De repente, todas las emociones
y sentimientos contenidos afloraron, las lágrimas se resbalaban por su cara y
apenas le dejaban ver el manuscrito que tenía entre sus manos. Bien sabía ver
que el momento de leer esta última página había llegado, tal vez por que cuando
le encontraran sus enemigos escondido en el desván de la casa, no tendría otro
momento.
Los usurpadores estaban más
cerca, apenas a un par de cabañas, y sabía que su momento final estaba a punto
de llegar, y eso le hizo recordar cómo comenzó todo, tal y como lo cuenta el
“Libro de la Verdad
Antigua ” cuando su antepasado Girón, en el cuarto ciclo de la
luna, se enfrentó en las puertas de su ciudad a la primera horda de los que
luego se convirtieron en los peores enemigos que estas tierras han sufrido.
Los vigías de Girón vieron
acercarse un gran contingente de hombres armados, y pronto le dieron aviso de
ello, pero de poco más pudieron advertirle, pues era un ejército extraño, que
viajaba a pie y que apenas hacían ruido, pese a vestir con grandes armaduras
oscuras y llevar gran cantidad de armas, más oscuras que sus armaduras.

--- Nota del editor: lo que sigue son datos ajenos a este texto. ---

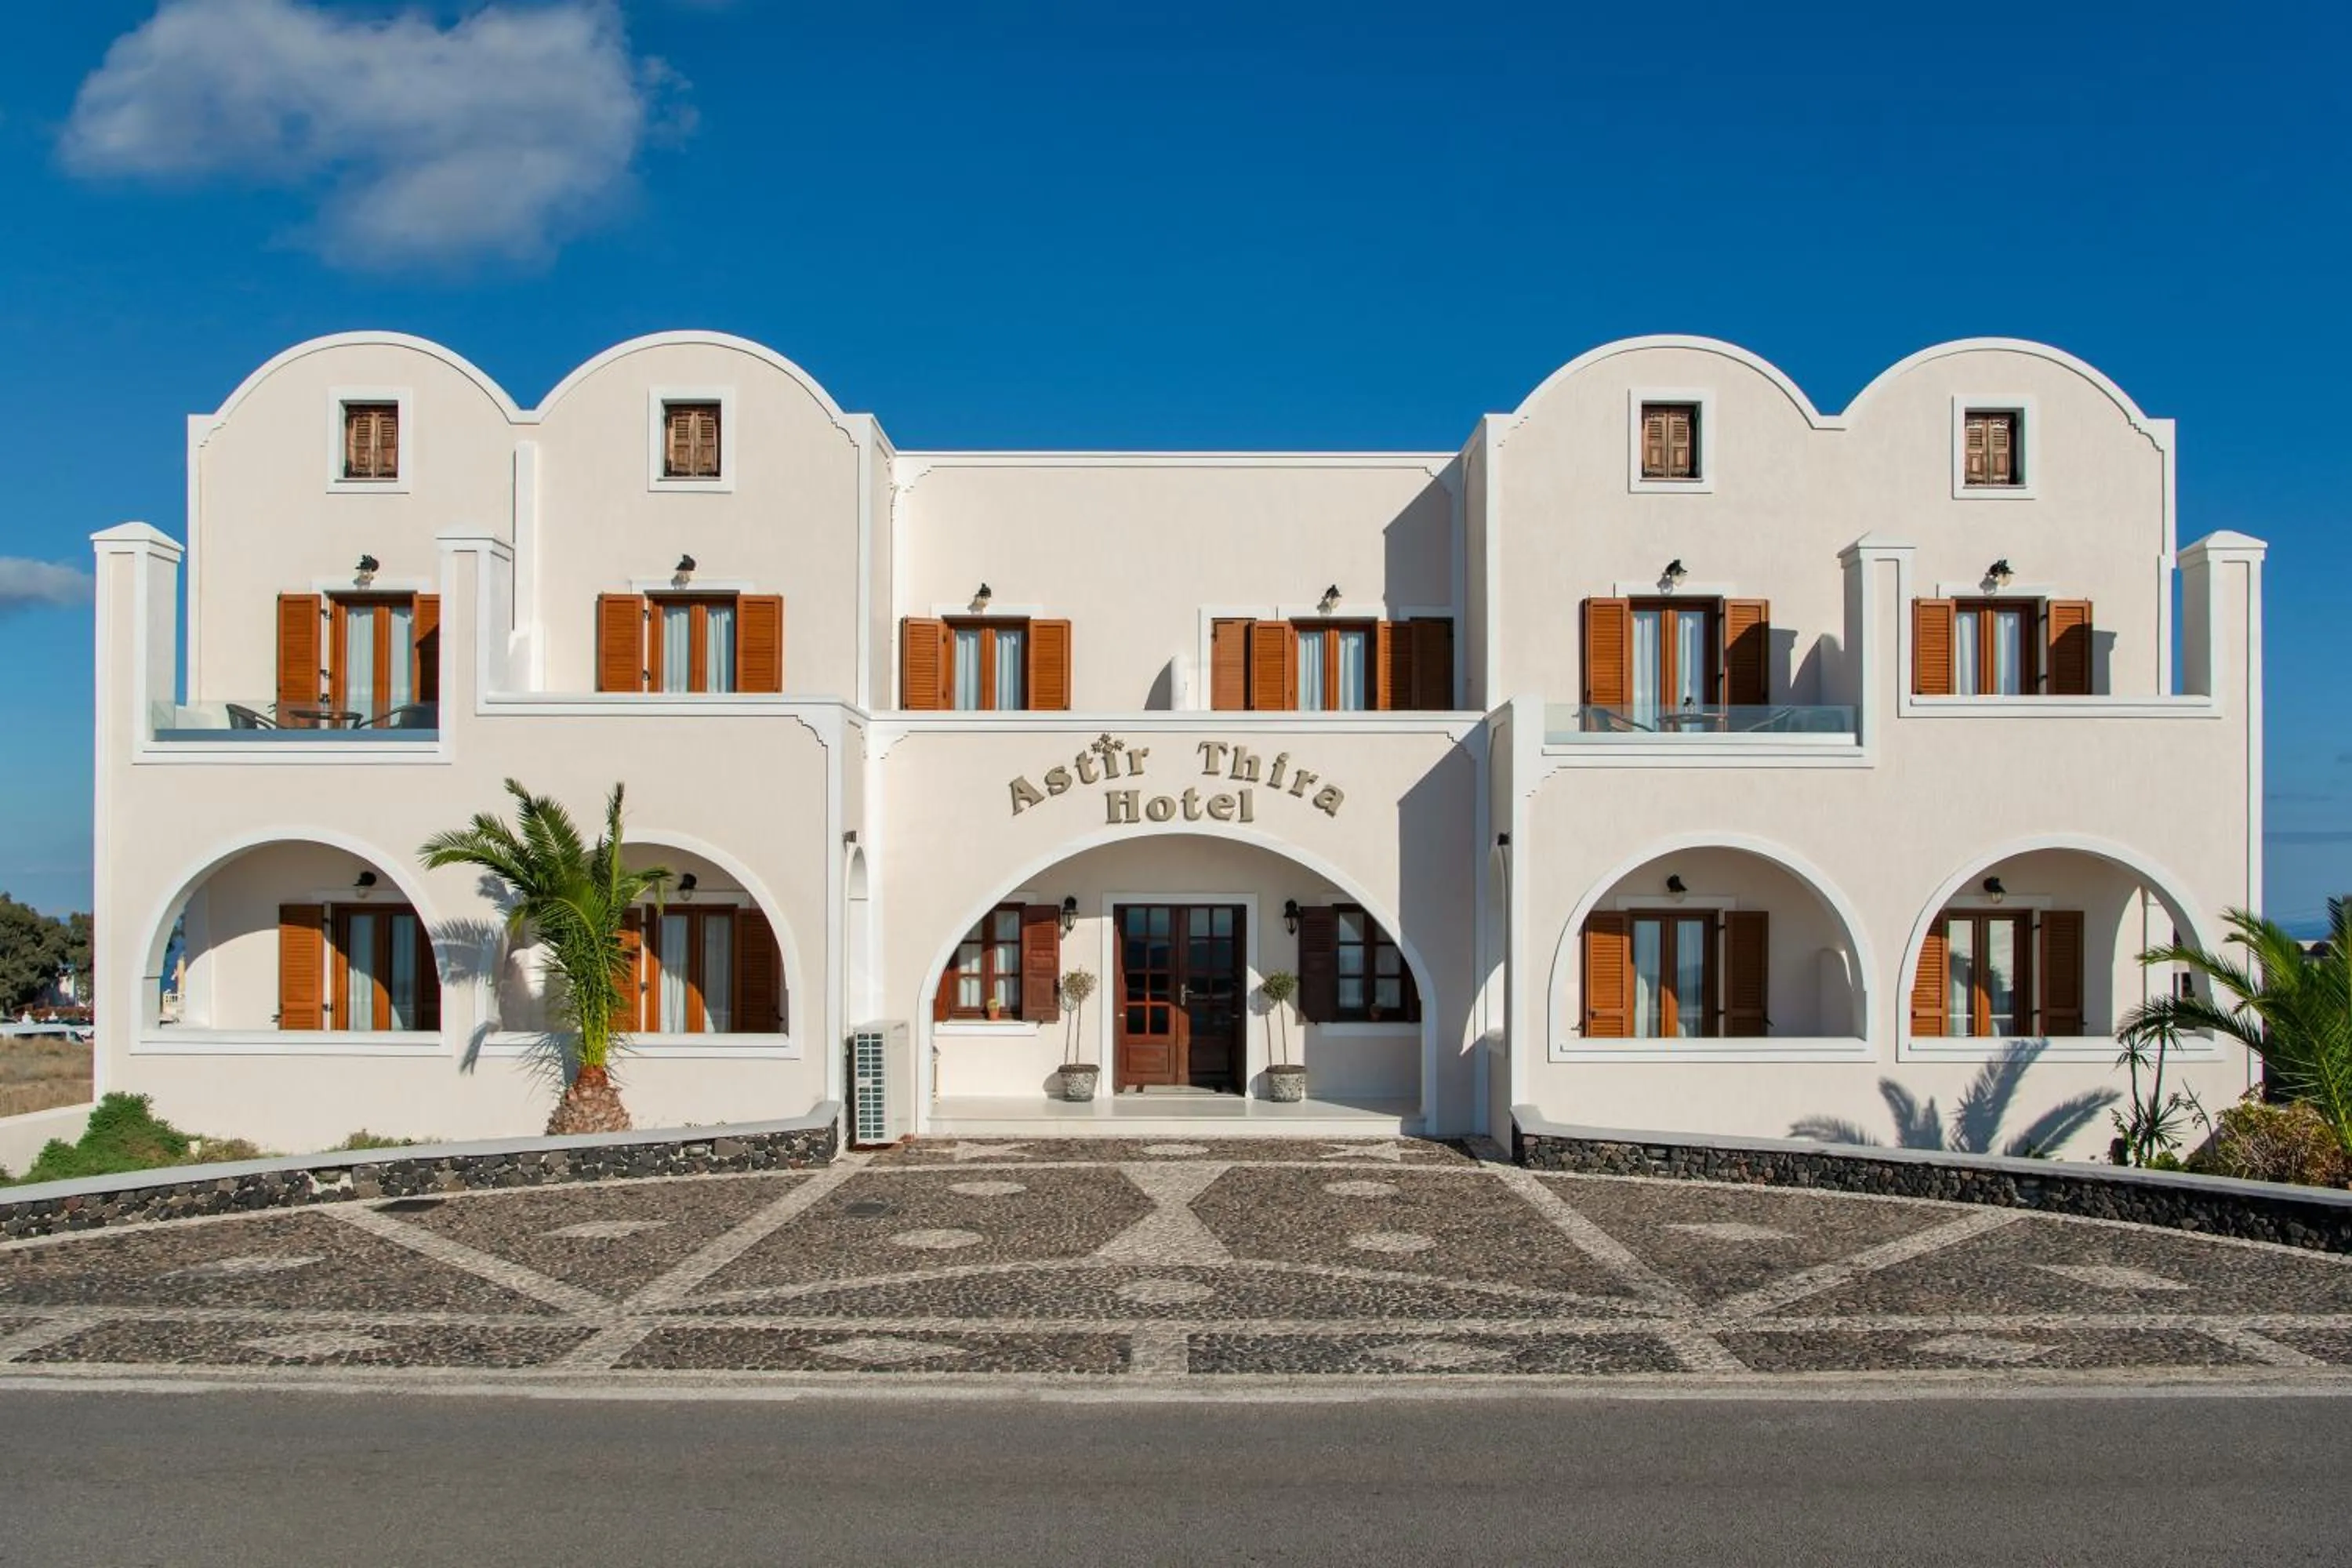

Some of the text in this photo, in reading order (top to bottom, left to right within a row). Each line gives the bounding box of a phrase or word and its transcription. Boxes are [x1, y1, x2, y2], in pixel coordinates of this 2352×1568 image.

[1007, 733, 1345, 818] Astir Thira
[1105, 786, 1254, 824] Hotel
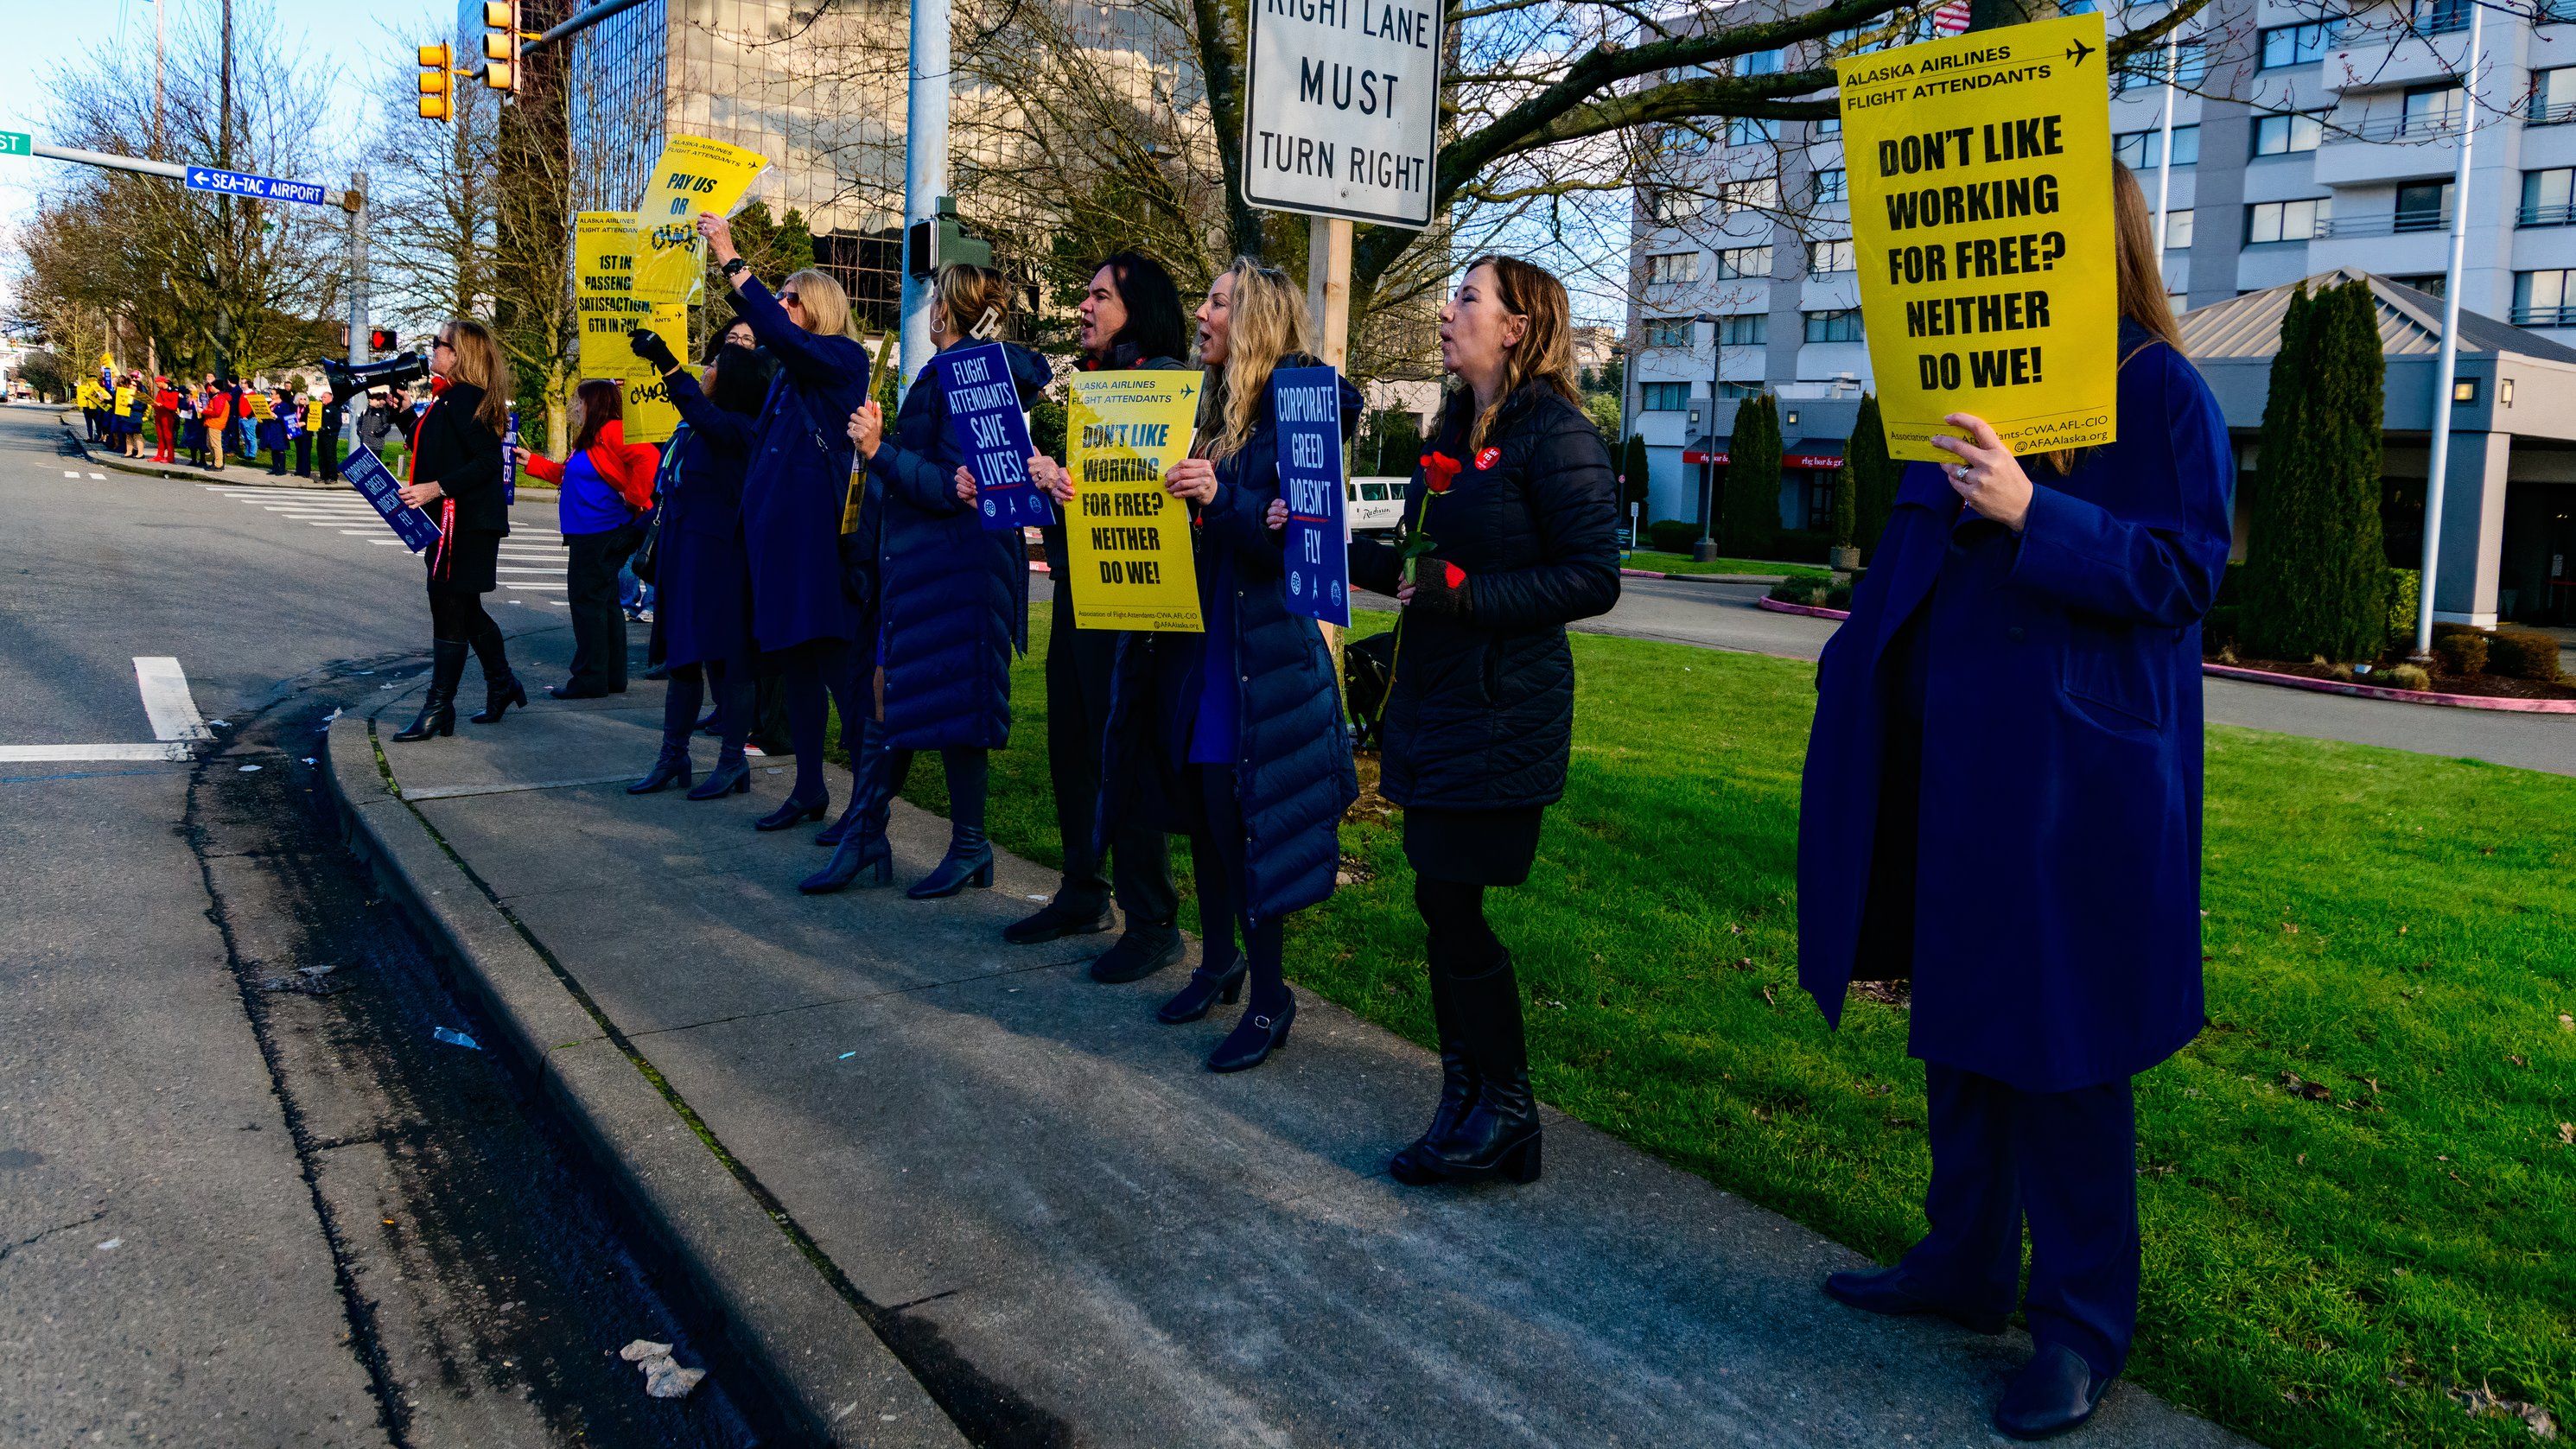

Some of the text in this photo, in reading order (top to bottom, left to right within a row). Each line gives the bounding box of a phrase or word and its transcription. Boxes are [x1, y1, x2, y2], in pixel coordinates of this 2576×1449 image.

[1364, 0, 1428, 49] LANE
[1846, 46, 2011, 87] ALASKA AIRLINES
[1301, 56, 1398, 118] MUST
[1848, 65, 2051, 111] FLIGHT ATTENDANTS
[0, 135, 20, 151] ST
[672, 139, 734, 156] ALASKA AIRLINES
[1879, 114, 2064, 178] DON'T LIKE
[691, 150, 741, 167] ATTENDANTS
[1260, 130, 1424, 193] TURN RIGHT
[212, 173, 321, 201] SEA-TAC AIRPORT
[666, 173, 717, 193] PAY US
[671, 197, 690, 215] OR
[1886, 174, 2059, 231] WORKING
[599, 255, 632, 270] 1ST IN
[1888, 231, 2066, 285] FOR FREE?
[585, 276, 633, 290] PASSENG
[588, 318, 606, 333] 6TH
[609, 318, 619, 333] IN
[1906, 290, 2050, 337] NEITHER
[952, 357, 990, 385] FLIGHT
[1918, 346, 2042, 391] DO WE!
[949, 382, 1014, 415] ATTENDANTS
[1072, 395, 1172, 404] FLIGHT ATTENDANTS
[1073, 382, 1108, 391] ALASKA
[1278, 386, 1335, 422] CORPORATE
[970, 413, 1011, 448] SAVE
[1082, 424, 1170, 448] DON'T LIKE
[1891, 431, 1930, 442] Association
[2059, 415, 2108, 431] AFL-CIO
[1292, 433, 1324, 469] GREED
[344, 452, 379, 484] CORPORATE
[976, 450, 1027, 486] LIVES!
[1083, 457, 1159, 482] WORKING
[365, 473, 387, 496] GREED
[1289, 478, 1331, 516] DOESN'T
[398, 510, 414, 527] FLY
[1082, 492, 1164, 517] FOR FREE?
[1091, 527, 1161, 550] NEITHER
[1304, 528, 1321, 564] FLY
[1099, 561, 1161, 584] DO WE!

Nada se
adivinaba en ellos bajo sus cascos.
Girón ordenó cerrar las puertas
de la ciudad y se dispuso a esperarlos desde el adarve de la muralla, y no
esperó mucho pues el ejército viajaba tan rápido como si lo hiciera en una
montura. Desde lo alto el señor les gritó que nada tenían que hacer en sus
tierras y que, por el bien de todos, mejor harían si continuaban su camino.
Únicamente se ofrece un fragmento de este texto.